This article is a retrospective on the structure and design process of the aws-devops-example project.
It aims to share practical examples of automating the deployment of infrastructure and applications, with a focus on CloudFormation and GitHub Actions.

Why Did We Start This Project?

Modern service operations require more than just writing good code.
The project was planned against the following background:

Overcoming the limits of manual deployment:
→ Manual deployment processes are repetitive, error-prone, and lack reproducibility.
Aim for small configurations and clear structures:
→ Instead of cramming all resources into one template, we wanted to clearly separate networks, security, services, and APIs.
Become familiar with CloudFormation:
→ Before using Terraform or Pulumi, we aimed to thoroughly understand the AWS native approach.

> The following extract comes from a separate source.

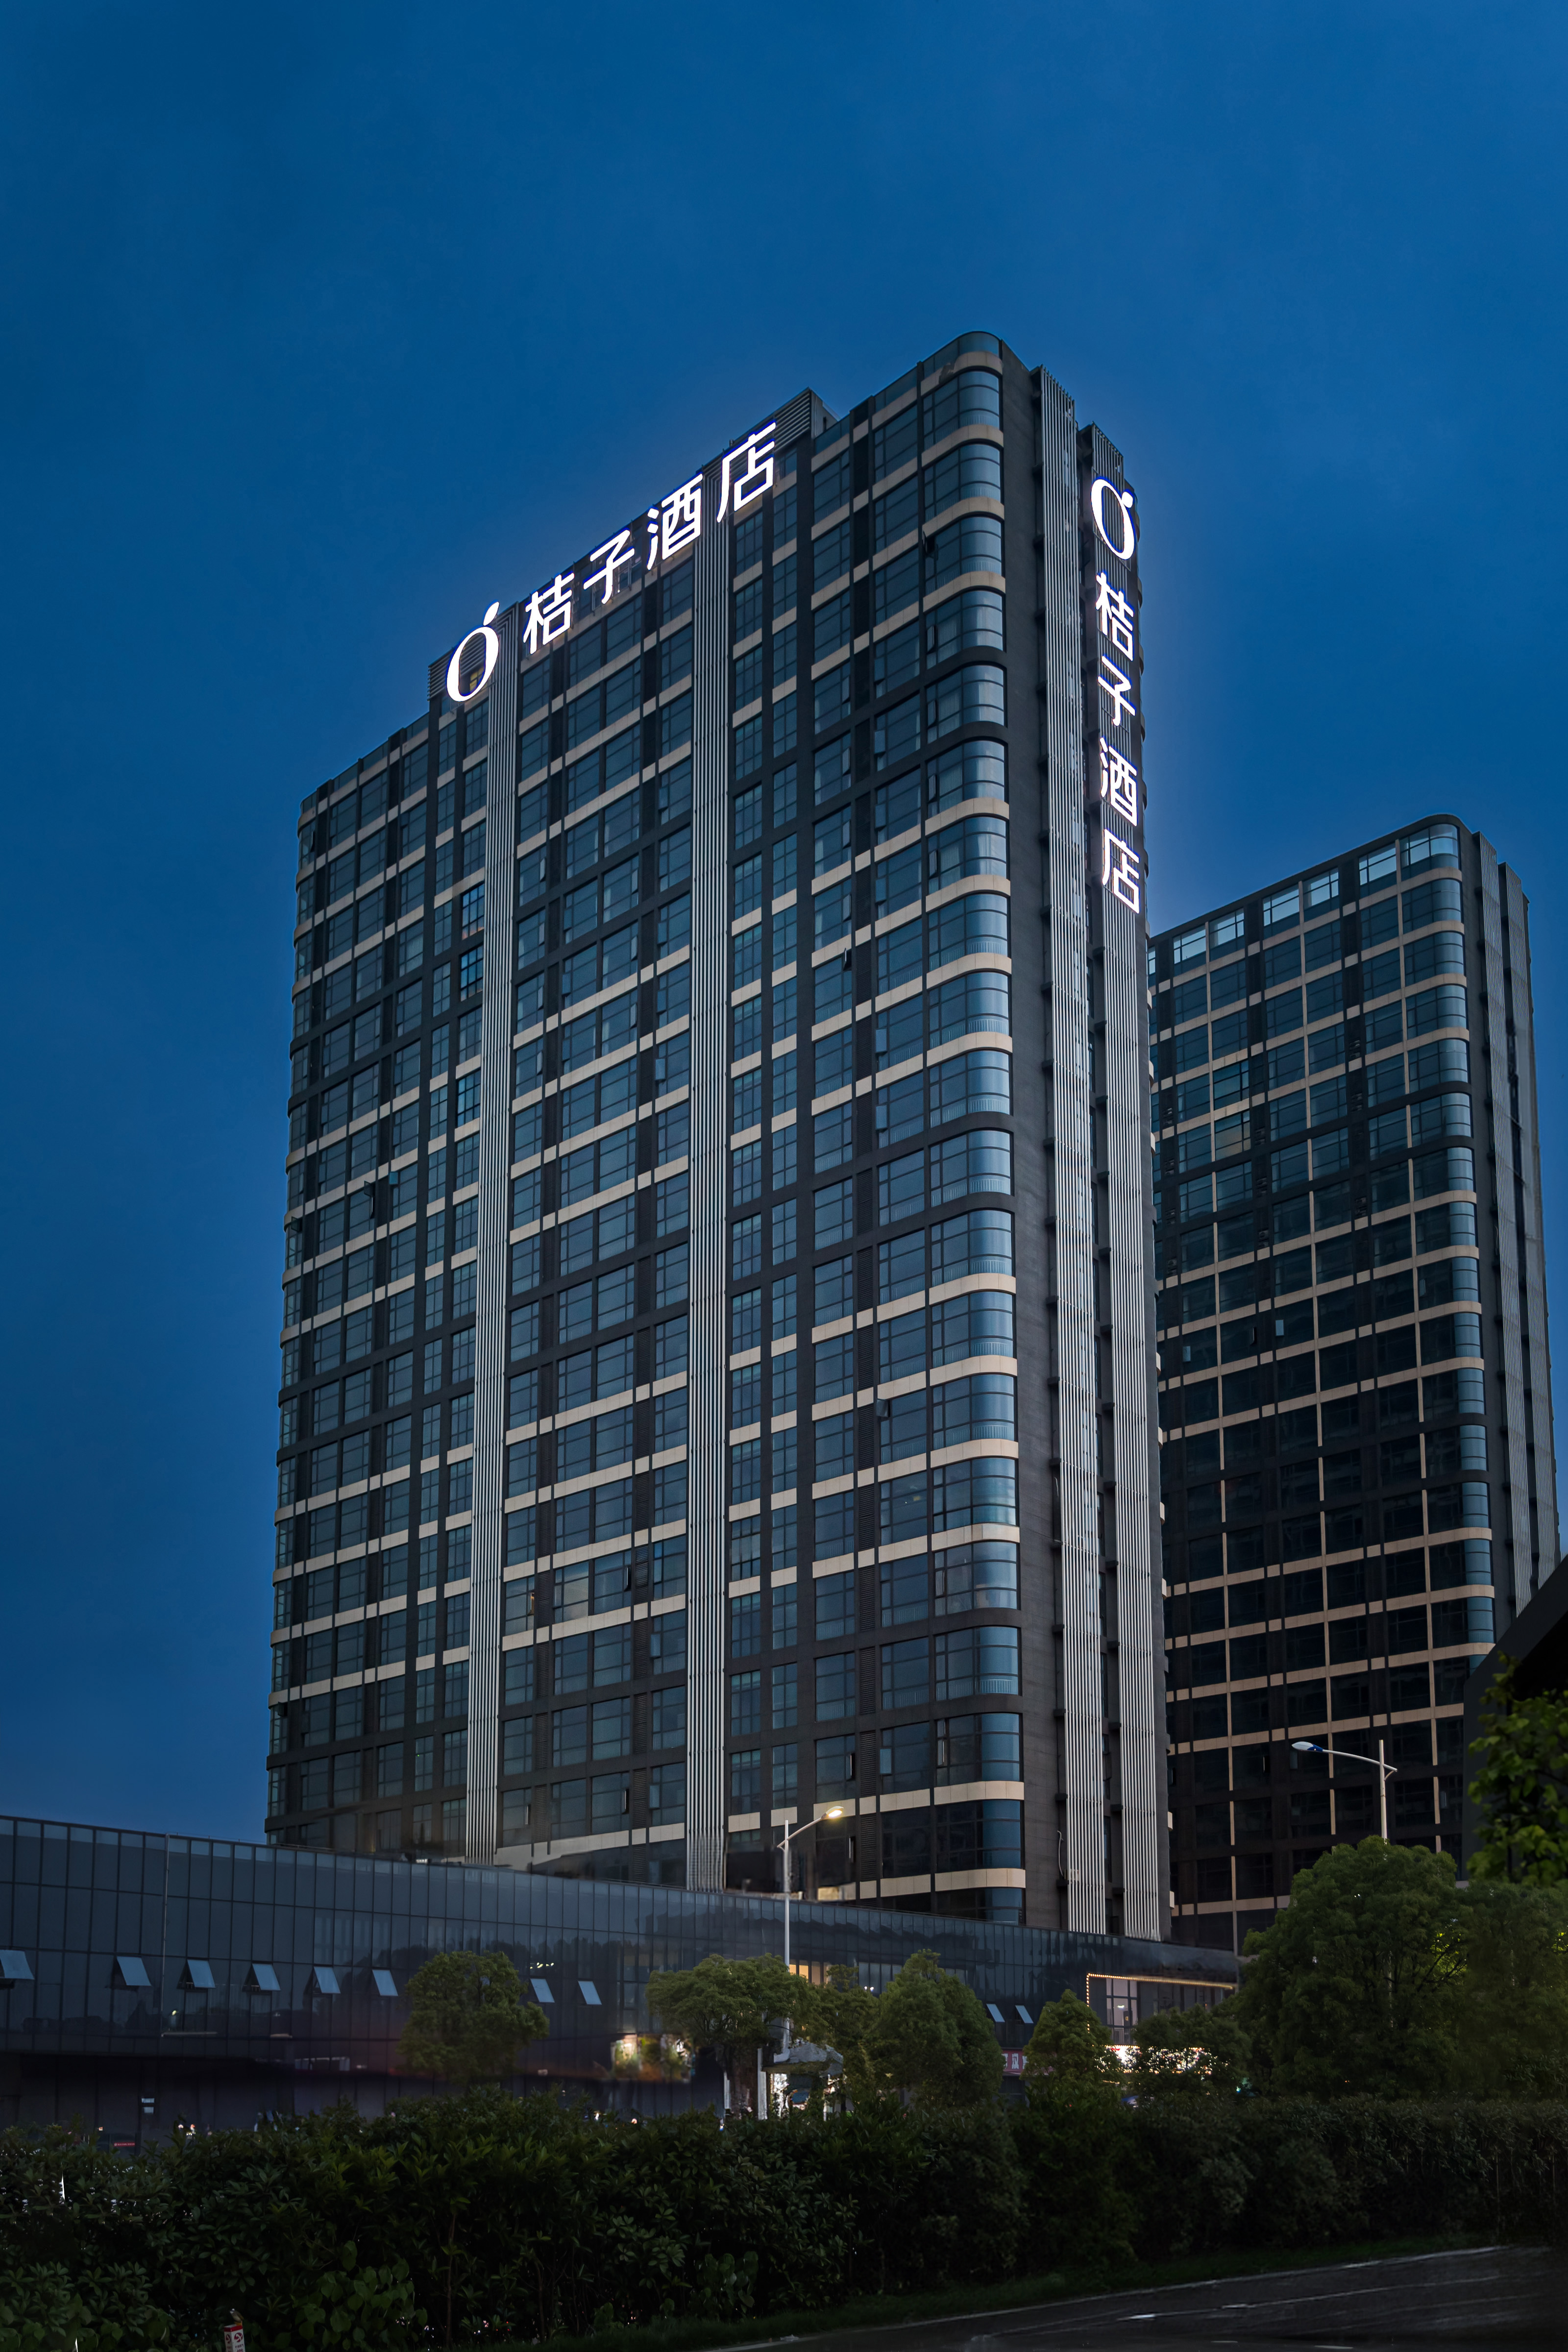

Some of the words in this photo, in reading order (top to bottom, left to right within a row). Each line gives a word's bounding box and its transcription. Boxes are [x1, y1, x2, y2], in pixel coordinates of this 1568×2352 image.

[523, 422, 776, 654] 桔子酒店
[1095, 572, 1140, 914] 桔子酒店

What Experiences Did We Want to Incorporate?

This document is not merely a list of results.
Instead, we aim to organize practical experiences from the following three perspectives:

Structure: How resources were segmented and connected
Automation: What triggers and flows were used for deployment
Failures and Lessons: What worked well and what prompted a reevaluation

In the following sections, we will sequentially explain everything from design goals to overall configuration, resource separation methods, deployment flow, and trials and errors.

Design Goals

This project was started with the goal of going beyond a simple “deployment automation example” to achieve
“structured infrastructure design and executable automation”.

1. Infrastructure as Code

All AWS resources are defined using CloudFormation templates.
From VPC, Subnet, Security Group to ECS, ALB, and API Gateway, they are managed in separated YAML files.
Deployments are executed directly via GitHub Actions without manual clicks.

2. Clear Stack Separation and Change Flexibility (Modular & Mutable Stacks)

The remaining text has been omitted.